We’ve already had Vince’s biography and two instalments laying out the principles behind his approach to bodybuilding, in both practical and more theoretical terms. Now it’s time to look at Vince’s workouts, and what better place to start than with the workout routine Vince returned to time and again: the 8x8, otherwise known as the “Honest Workout”.
We’ll consider every aspect of the workout, from its essential principles to its history and development, including the special variation used by bodybuilding champion Mohammed Makkawy. As in the other parts, quotations will be taken from Vince’s book The Wild Physique, with page numbers in brackets.
I have a definite preference for the 8 x 8 system of sets and reps, which I will explain in more detail later. Of course, this is not for beginners. You must work up to the stage where you can benefit from this extremely advanced form of training. I doubt if anyone with less than two years of training experience could benefit from this method. I call it the "honest workout" because of the pure muscle fibre that can be attained with this combination. Keep to 8 X 8 and your muscle fibre will plump out, giving you a solid mass of muscle density as a result. There will only be a minimum of capillary size built with this combination. (WP, pp.22-3)
Here, in a nutshell, are Vince’s thoughts about the 8x8 system. That’s eight sets of eight reps, performed to build serious muscle. Vince considered this to be an advanced form of training, in the sense that you’re better off waiting until you’ve got some experience under your belt — Vince suggested two years — before you try it. But then, when you do, if you do the routine properly and stick with it, increasing the intensity, you will add serious mass to your physique.
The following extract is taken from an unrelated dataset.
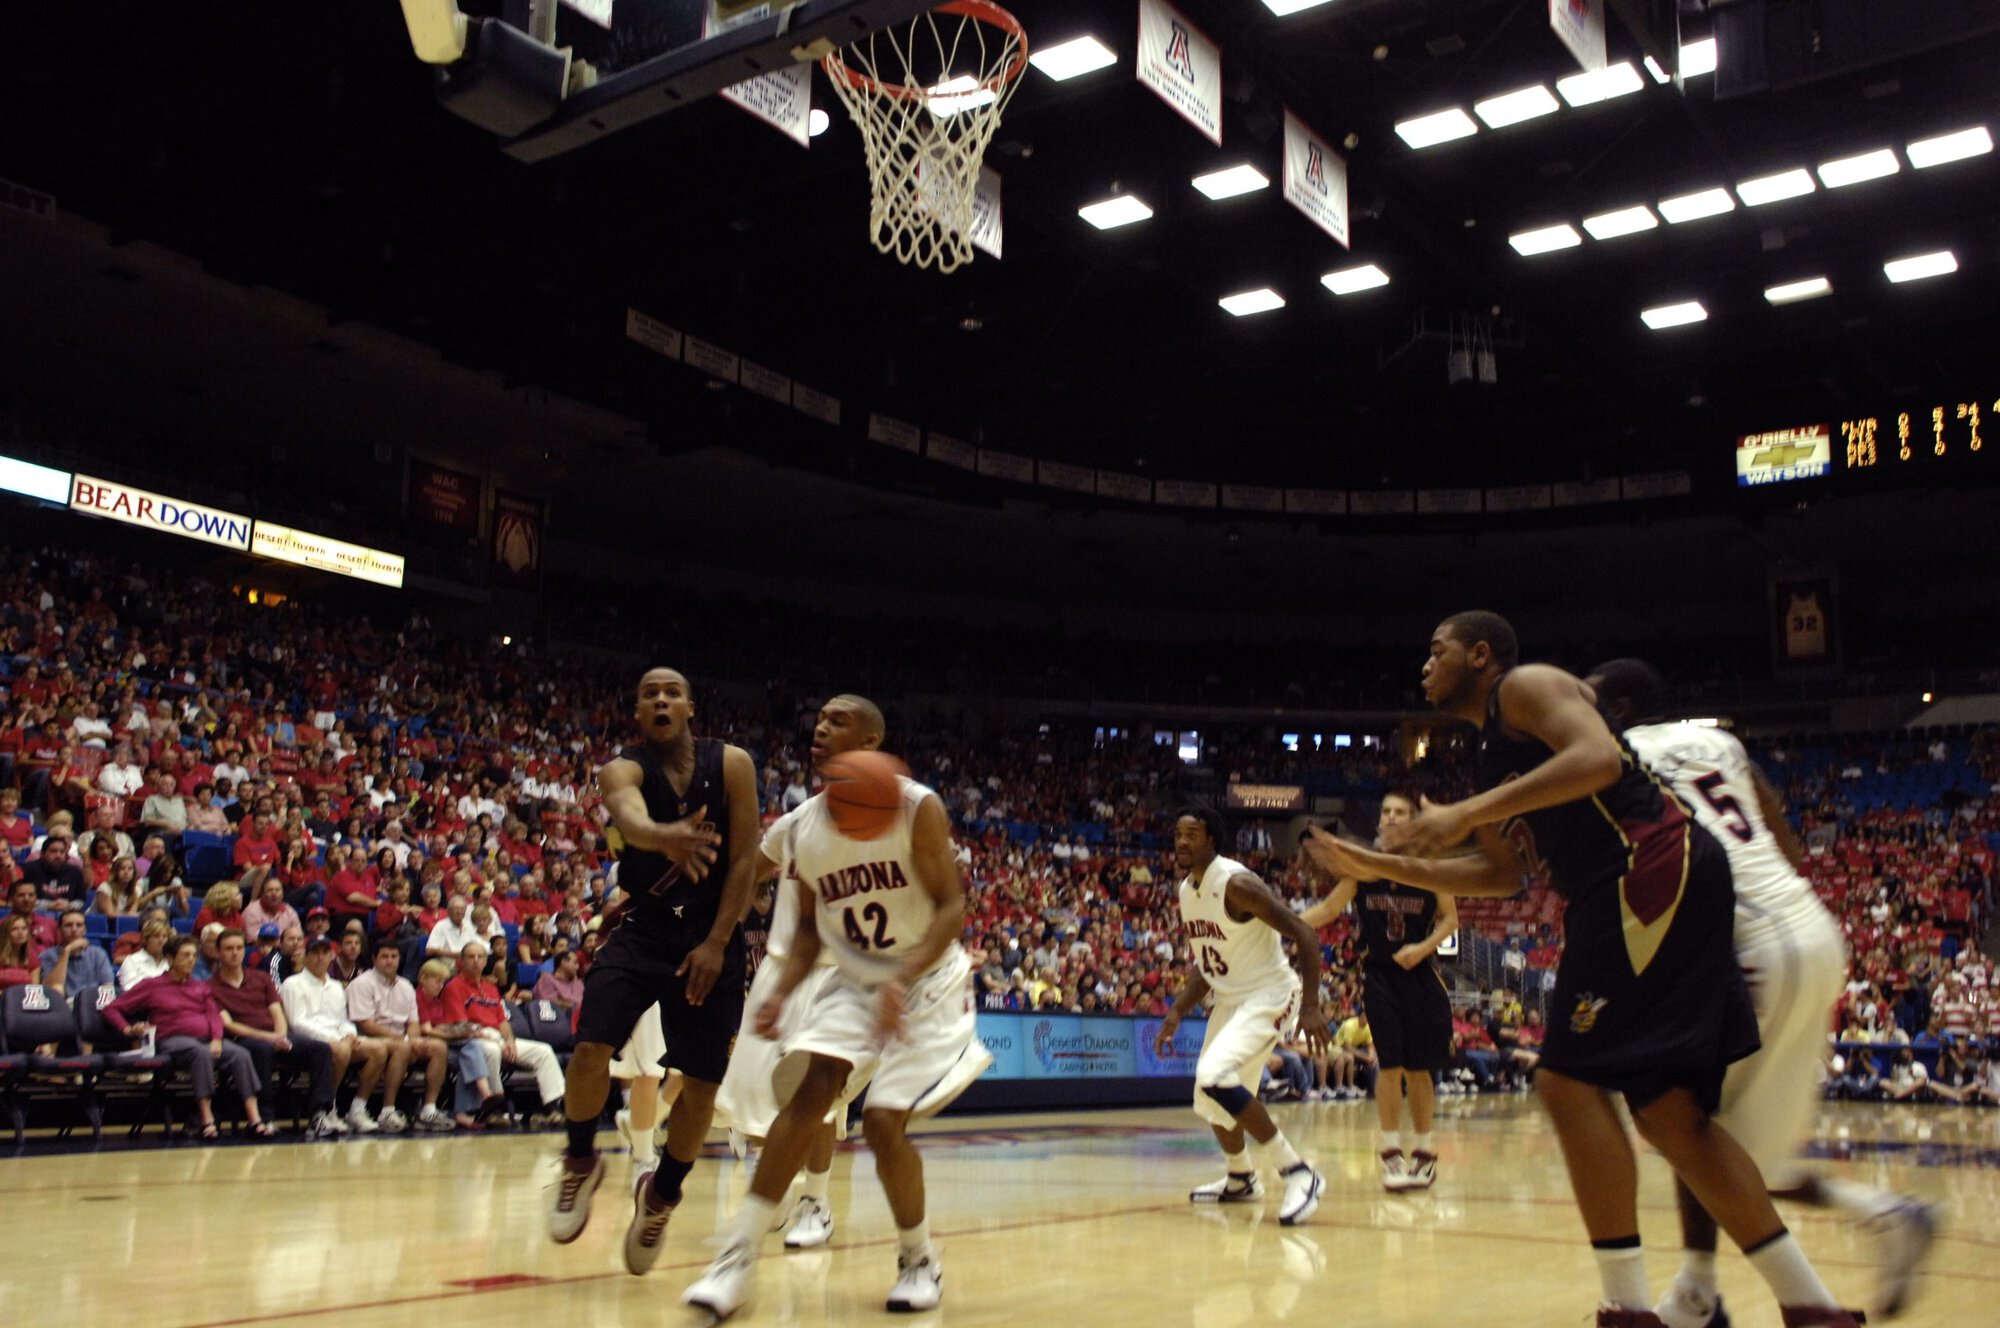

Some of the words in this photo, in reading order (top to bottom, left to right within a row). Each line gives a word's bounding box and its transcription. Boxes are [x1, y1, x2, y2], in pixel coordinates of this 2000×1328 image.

The 8x8 works, like a lot of Vince’s routines, on the principle of cumulative fatigue. Although progressive overload is at work, and you’ll be adding more weight to the bar as time passes, you’re not throwing around massive poundages. Instead, you’re trying to perform the 8x8 as quickly as possible. Not that you’ll be rushing things: the aim is simply to reduce rest between sets to the absolute minimum — even to the point where you might put the bar down and then pick it straight back up — so that you’re making the muscles do more work in less and less time.
At my heaviest, when I was about 225lbs, I was benching around 350lbs and floor-pressing close to 400lbs, but honestly I’ve never felt the kind of chest activation I get when I do the guillotine press (a Gironda trademark chest exercise, more on that later) with 135lbs for a set of 8x8, with 15 seconds between sets or less. The feeling of cumulative fatigue, Gironda-style, with your cardiovascular system working double-time to continue supplying blood and nutrients to your muscles, is really something else.